Once you have laid down your cards in front of you, then you can lay them down on other players. If your mom has a pile of 3s, feel free to add yours to the mix. If your aunt has a 7, 8, 9 and 10 of diamonds, it’s fair-game to lay down your 4, 5, 6 and 10 of diamonds on her cards. The goal is to lay down all your cards so that you have no more left. Once you play every card in your hand, the round is over and everyone adds up their score before shuffling for the next round.
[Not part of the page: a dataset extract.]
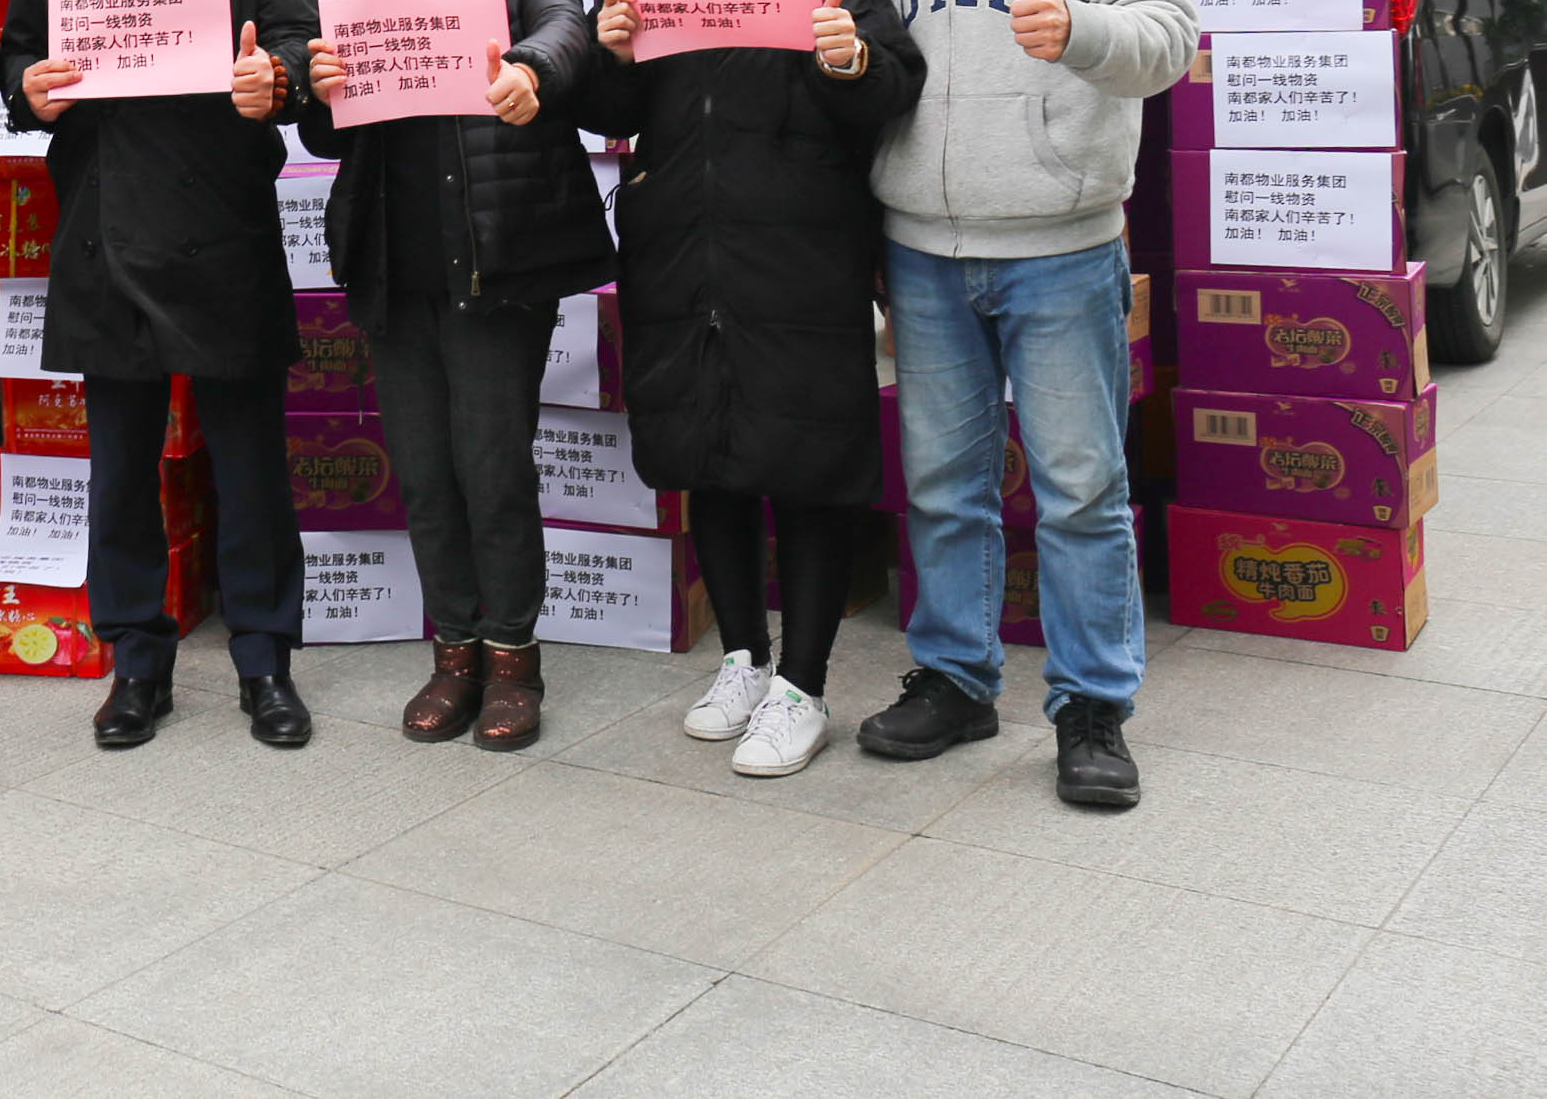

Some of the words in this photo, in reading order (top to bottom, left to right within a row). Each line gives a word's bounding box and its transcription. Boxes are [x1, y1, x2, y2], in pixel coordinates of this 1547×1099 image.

Building on the communal card piles is more than just offloading your own hand. It's a strategic maneuver that can also block your opponents. If you notice someone is collecting hearts, and you drop a handful of hearts on someone else's pile, you've not only slimmed down your own hand, but also potentially sabotaged another player's strategy. Watch the table like a hawk! Spotting your friends' tactics is half the fun—and the quickest way to victory. Use your cards wisely to become the rummy queen of the night. Remember, in this game, alliances are fleeting, and every card counts!


Red Aces

One of the most valuable cards in your hand is a red ace. It’s a wild card. You can use it as any number you want to. And if your dad has a run with 4, 5, a red ace and 7 of spades, then you can replace his red ace with a 6 of spades and move the ace in the slot of the 4 or 8, allowing you to put down a 3 or 9 of spades.


“May I?”

Every round you have 2 “May I's.” That means if it isn’t your turn but you need the 2 of spades that was just discarded then you can ask, “May I?” Whoever’s turn it is says yes if they don’t need the card or takes it for their own hand if they say no. If they say yes, you need to take the top card as a penalty along with the one you “May I’d” for. If you don’t get the card, it’s okay because you still haven’t collected 2 “May I's.” You cannot have more than 17 cards in your hand. Once you’ve laid your cards down in front of you, you cannot “May I” for any more cards or stop someone when they “May I” during your turn.


Keeping Score

The winner: the one with the lowest score. Numbered cards are worth face-value, so an 8 is worth eight points. Royal cards, i.e. J, Q and K, are worth twenty points. Aces, both red and black, are worth fifty points. You only add up the cards in your hand. If you went out and have no cards in your hands, then your score is zero.

Crazy Rummy is a fun game that I love to play with family. It’s a great way to pass the time as you talk and catch up with each other. I’m dealing, are you in?


Crazy Rummy is a card game that originated in the United States in the late 19th century. It is a variation of the classic Rummy game and is played with two to six players. The objective of the game is to be the first player to get rid of all their cards by forming sets and runs. Sets are three or four cards of the same rank, while runs are three or more cards of the same suit in sequence. The game is won by the player with the lowest score. Numbered cards are worth their face value, while royal cards (J, Q, and K) are worth twenty points. Aces are worth fifty points. Players can only add up the cards in their hand, and if they have no cards in their hand, their score is zero. Crazy Rummy is a great game for family gatherings, and is a great way to pass the time while chatting and catching up with each other.